Work required ▸ Return the records exactly as they appear below, omitting the pictures.

Saved entries
####################

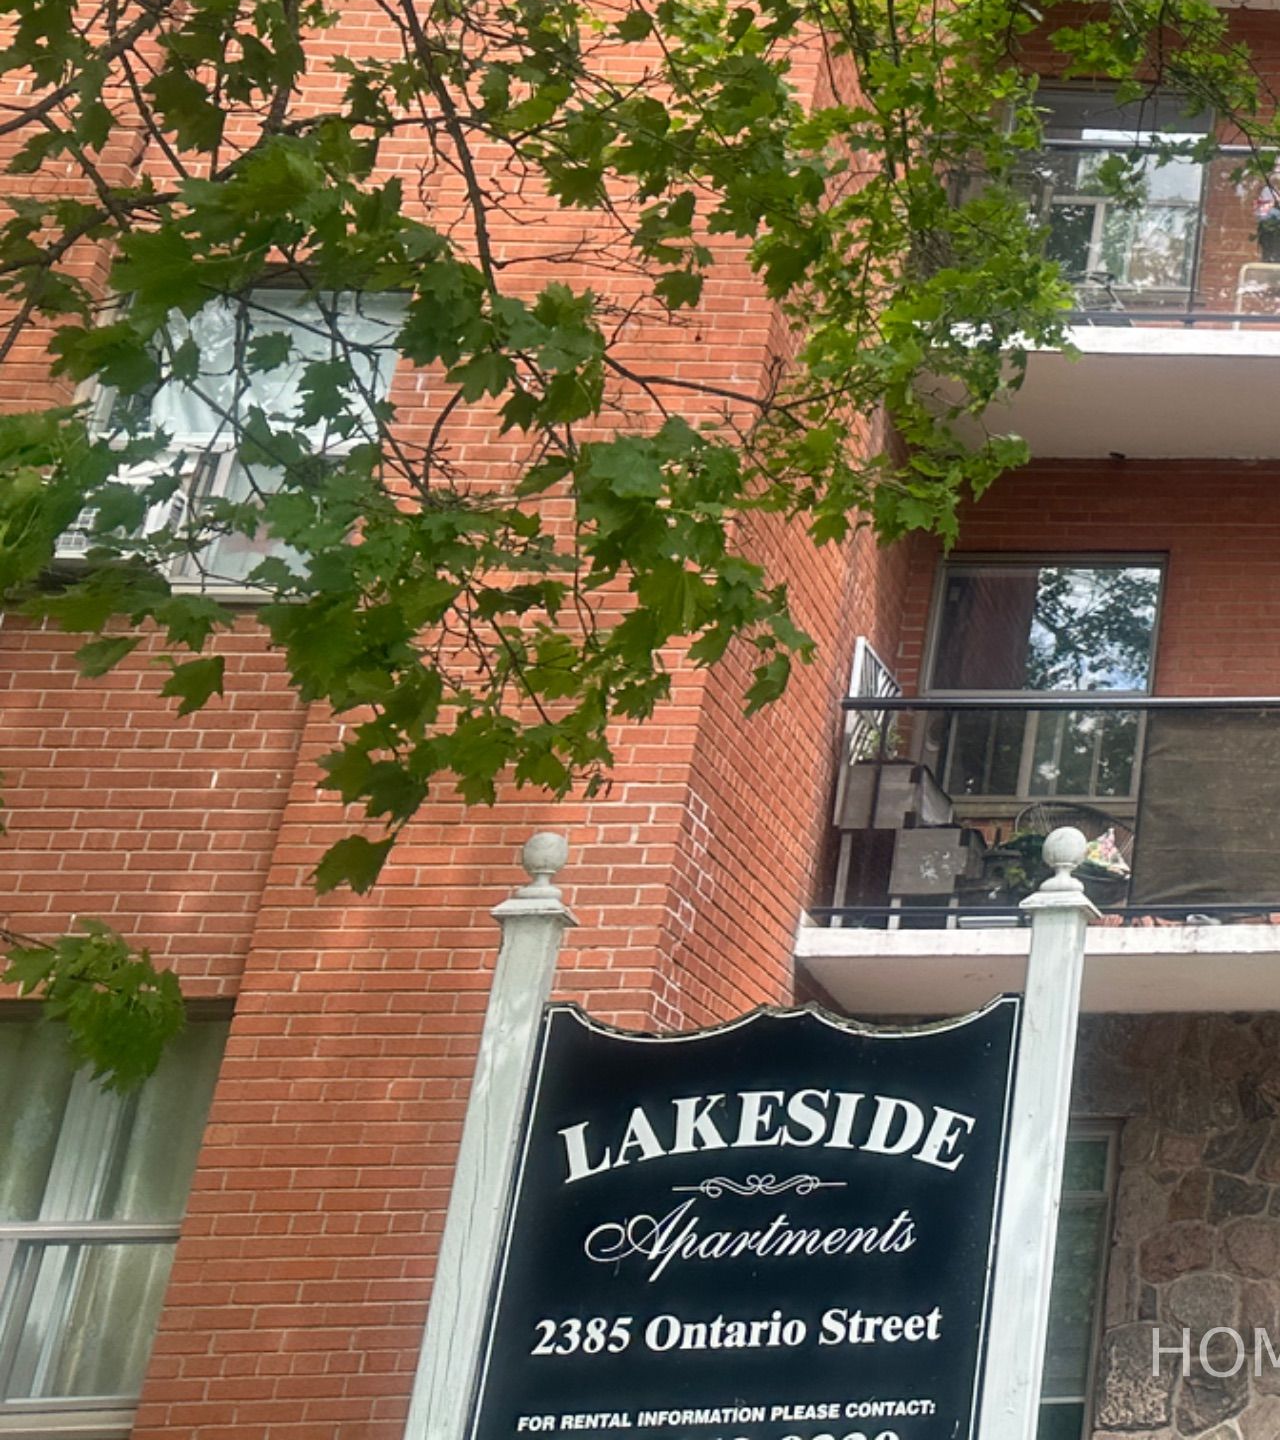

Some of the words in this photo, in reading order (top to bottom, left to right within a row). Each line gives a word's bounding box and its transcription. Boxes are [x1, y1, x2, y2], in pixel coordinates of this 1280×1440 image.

[557, 1088, 976, 1184] LAKESIDE
[583, 1196, 917, 1282] Apartments
[530, 1315, 633, 1356] 2385
[644, 1309, 807, 1351] Ontario
[819, 1307, 943, 1347] Street
[517, 1415, 555, 1432] FOR
[560, 1412, 632, 1430] RENTAL
[637, 1406, 765, 1428] INFORMATION
[770, 1403, 840, 1421] PLEASE
[845, 1399, 936, 1418] CONTACT:

####################

Task response ▸
Some of the words in this photo, in reading order (top to bottom, left to right within a row). Each line gives a word's bounding box and its transcription. Boxes are [x1, y1, x2, y2], in pixel coordinates of this 1280×1440 image.

[557, 1088, 976, 1184] LAKESIDE
[583, 1196, 917, 1282] Apartments
[530, 1315, 633, 1356] 2385
[644, 1309, 807, 1351] Ontario
[819, 1307, 943, 1347] Street
[517, 1415, 555, 1432] FOR
[560, 1412, 632, 1430] RENTAL
[637, 1406, 765, 1428] INFORMATION
[770, 1403, 840, 1421] PLEASE
[845, 1399, 936, 1418] CONTACT:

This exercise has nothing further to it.